Dataset entries:
┏━━

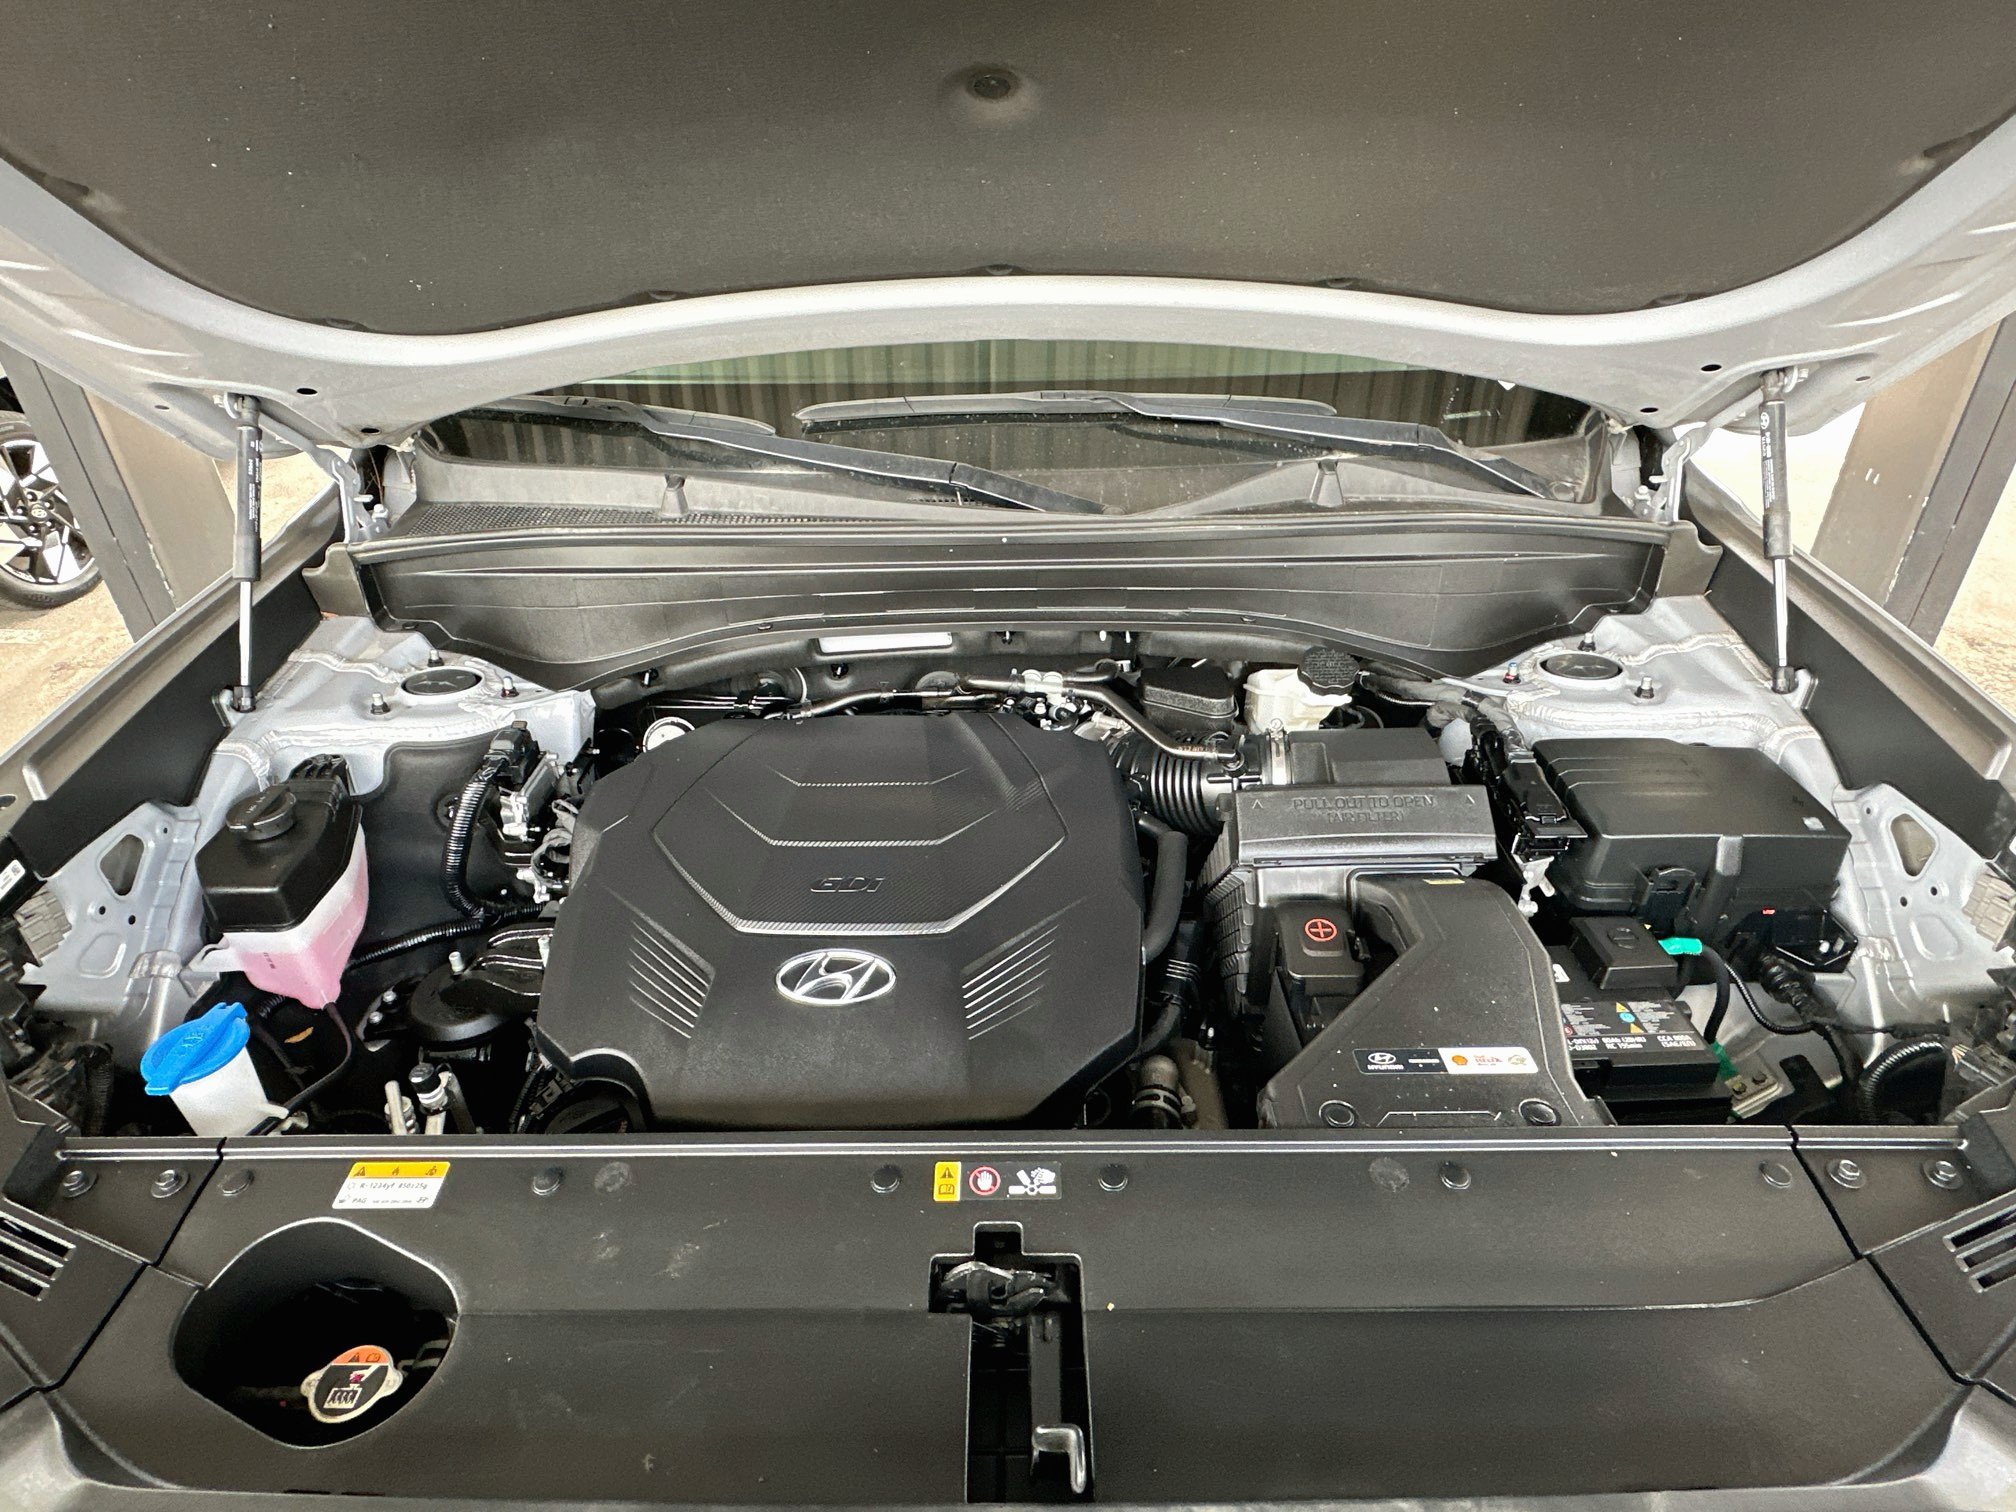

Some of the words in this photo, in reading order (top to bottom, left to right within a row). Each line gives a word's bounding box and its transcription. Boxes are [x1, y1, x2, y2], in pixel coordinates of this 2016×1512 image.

[1293, 797, 1333, 810] PULL
[1335, 796, 1364, 809] OUT
[1368, 795, 1389, 808] TO
[1393, 794, 1434, 808] OPEN
[360, 1182, 396, 1190] R-1234yf

┗━━

= Your assignment =
Write out the records above exactly as they stand, leaving out every picture.

= Reply to the task =
Some of the words in this photo, in reading order (top to bottom, left to right within a row). Each line gives a word's bounding box and its transcription. Boxes are [x1, y1, x2, y2], in pixel coordinates of this 2016×1512 image.

[1293, 797, 1333, 810] PULL
[1335, 796, 1364, 809] OUT
[1368, 795, 1389, 808] TO
[1393, 794, 1434, 808] OPEN
[360, 1182, 396, 1190] R-1234yf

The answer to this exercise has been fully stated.